Transatlantische Handelskonflikte: EU reagiert auf Trumps Zollschock
Der deutsche Vorsitzende des Handelsausschusses im Europäischen Parlament, Bernd Lange, hat den jüngsten Schritt von US-Präsident Donald Trump, die Zölle auf europäische Waren drastisch zu erhöhen, scharf verurteilt und als „Unverschämtheit“ bezeichnet. Offenbar ungeachtet laufender Verhandlungen, die bereits seit mehr als drei Wochen im Gange sind, habe Trump angekündigt, die Zölle von 20 auf 30 Prozent anzuheben, was von Lange als „dreist und respektlos“ empfunden wird. Die EU hatte im Verlauf der Verhandlungen signifikante Zugeständnisse gemacht, etwa in Bezug auf Standards und Zertifizierungen sowie die Schaffung neuer Investitionschancen.
In einer robusten Reaktion fordert Lange unverzüglich die Einführung erster Gegenzölle auf US-Produkte. Dabei betont er, dass die EU sich ihrer wirtschaftlichen Schlagkraft bewusst sein müsse, um unmissverständlich klarzumachen, dass Trumps aggressive Handelspolitik nicht geduldet wird. Darüber hinaus solle das EU-Instrumentarium gegen Zwangsmaßnahmen aktiviert werden, womit etwa auch der Ausschluss von US-Unternehmen bei öffentlichen Ausschreibungen in der EU ermöglicht würde.

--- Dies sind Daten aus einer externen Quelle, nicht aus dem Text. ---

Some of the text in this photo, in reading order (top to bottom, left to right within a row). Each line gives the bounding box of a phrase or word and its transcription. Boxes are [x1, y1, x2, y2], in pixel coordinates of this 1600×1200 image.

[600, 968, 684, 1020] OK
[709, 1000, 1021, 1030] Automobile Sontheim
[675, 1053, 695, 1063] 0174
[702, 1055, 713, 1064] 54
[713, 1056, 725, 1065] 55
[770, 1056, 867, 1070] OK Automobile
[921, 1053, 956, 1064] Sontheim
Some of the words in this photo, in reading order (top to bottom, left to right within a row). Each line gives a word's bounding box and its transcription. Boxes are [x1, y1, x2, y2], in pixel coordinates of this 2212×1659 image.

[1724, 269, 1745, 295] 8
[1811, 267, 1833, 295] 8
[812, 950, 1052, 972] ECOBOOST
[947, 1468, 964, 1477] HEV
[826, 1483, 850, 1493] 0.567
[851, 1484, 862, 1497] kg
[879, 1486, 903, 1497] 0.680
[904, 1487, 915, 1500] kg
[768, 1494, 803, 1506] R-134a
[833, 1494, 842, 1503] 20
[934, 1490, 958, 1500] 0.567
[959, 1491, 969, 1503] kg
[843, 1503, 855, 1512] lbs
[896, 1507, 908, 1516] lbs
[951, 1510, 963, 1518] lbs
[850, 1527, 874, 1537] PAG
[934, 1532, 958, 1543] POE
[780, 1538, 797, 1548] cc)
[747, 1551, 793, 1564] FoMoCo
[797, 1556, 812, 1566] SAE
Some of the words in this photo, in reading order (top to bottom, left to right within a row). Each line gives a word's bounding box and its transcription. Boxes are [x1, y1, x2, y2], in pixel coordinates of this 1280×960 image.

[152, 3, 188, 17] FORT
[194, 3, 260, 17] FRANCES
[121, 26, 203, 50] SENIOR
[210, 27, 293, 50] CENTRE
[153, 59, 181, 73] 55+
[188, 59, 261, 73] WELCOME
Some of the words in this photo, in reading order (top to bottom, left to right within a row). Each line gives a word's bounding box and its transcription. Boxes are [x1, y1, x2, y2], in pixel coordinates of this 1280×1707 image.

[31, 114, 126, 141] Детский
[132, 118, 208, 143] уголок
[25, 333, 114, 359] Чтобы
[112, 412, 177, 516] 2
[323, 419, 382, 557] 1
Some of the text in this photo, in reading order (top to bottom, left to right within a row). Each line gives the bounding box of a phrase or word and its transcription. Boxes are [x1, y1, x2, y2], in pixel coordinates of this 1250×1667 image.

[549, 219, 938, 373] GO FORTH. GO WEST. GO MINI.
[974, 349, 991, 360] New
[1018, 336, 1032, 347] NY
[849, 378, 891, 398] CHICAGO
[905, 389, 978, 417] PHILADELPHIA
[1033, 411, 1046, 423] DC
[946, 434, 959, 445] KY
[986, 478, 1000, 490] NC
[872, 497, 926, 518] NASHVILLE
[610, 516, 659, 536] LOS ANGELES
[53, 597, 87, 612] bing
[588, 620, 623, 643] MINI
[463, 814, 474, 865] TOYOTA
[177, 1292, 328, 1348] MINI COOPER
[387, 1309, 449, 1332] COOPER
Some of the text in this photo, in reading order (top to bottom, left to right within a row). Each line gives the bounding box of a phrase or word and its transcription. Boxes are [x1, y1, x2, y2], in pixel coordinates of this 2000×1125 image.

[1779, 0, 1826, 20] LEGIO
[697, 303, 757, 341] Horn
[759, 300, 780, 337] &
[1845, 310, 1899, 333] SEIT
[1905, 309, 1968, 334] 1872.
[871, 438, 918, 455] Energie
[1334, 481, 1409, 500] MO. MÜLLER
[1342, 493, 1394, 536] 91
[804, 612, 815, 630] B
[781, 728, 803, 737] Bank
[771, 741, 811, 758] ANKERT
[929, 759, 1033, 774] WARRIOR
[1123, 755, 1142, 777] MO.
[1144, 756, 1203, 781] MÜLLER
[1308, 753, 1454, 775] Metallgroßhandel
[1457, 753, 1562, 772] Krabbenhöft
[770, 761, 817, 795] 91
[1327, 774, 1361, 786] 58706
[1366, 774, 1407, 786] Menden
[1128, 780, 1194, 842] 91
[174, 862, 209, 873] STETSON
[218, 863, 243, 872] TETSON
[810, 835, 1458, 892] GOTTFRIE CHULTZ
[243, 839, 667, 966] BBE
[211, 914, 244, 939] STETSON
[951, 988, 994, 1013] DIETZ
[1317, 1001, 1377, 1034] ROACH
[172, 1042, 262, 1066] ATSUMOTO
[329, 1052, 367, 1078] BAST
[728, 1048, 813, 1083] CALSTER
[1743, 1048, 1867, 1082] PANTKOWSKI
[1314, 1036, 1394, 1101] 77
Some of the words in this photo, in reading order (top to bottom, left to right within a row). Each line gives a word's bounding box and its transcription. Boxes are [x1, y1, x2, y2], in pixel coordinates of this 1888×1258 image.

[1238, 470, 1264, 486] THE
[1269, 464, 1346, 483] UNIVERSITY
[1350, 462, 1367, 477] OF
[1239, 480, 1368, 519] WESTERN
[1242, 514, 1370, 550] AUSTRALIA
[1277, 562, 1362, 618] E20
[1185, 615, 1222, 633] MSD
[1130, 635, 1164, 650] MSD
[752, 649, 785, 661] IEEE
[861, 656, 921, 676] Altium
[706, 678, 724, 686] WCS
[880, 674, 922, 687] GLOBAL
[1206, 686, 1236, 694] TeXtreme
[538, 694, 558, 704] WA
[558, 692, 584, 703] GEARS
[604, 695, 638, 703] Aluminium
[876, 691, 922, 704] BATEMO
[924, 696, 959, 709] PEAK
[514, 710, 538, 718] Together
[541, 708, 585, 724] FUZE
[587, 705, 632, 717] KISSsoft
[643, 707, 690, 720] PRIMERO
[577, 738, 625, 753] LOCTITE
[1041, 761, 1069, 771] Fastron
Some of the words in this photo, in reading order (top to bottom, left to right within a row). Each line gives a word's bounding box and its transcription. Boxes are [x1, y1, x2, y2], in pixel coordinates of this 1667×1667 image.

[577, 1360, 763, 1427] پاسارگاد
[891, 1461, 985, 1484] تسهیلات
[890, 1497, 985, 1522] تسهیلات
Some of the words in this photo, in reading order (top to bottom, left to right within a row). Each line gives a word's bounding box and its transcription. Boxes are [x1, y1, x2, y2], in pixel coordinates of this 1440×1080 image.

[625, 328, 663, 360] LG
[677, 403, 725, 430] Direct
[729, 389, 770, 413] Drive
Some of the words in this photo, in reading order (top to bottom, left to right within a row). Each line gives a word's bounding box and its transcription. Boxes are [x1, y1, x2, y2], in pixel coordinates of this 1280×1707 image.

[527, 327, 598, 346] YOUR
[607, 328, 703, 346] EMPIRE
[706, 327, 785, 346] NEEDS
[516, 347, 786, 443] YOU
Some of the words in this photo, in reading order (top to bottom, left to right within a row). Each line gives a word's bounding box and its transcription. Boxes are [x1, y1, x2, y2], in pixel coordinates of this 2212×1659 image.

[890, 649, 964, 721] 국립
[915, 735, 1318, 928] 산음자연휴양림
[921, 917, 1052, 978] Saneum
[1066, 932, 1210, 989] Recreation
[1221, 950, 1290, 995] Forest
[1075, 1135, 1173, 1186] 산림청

Lange unterstrich, dass die EU als Zeichen des guten Willens zunächst alle Ausgleichsmaßnahmen für die bereits erhobenen unberechtigten Zölle ausgesetzt hatte. Trumps Schritt, die neuen Zölle in einem Brief anzukündigen, der inmitten der Suche nach einer einvernehmlichen Lösung versandt wurde, mag auf das Handelsdefizit der USA abzielen. Die EU hingegen vermutet, dass Trump damit auch seine massiven Steuersenkungen finanzieren will.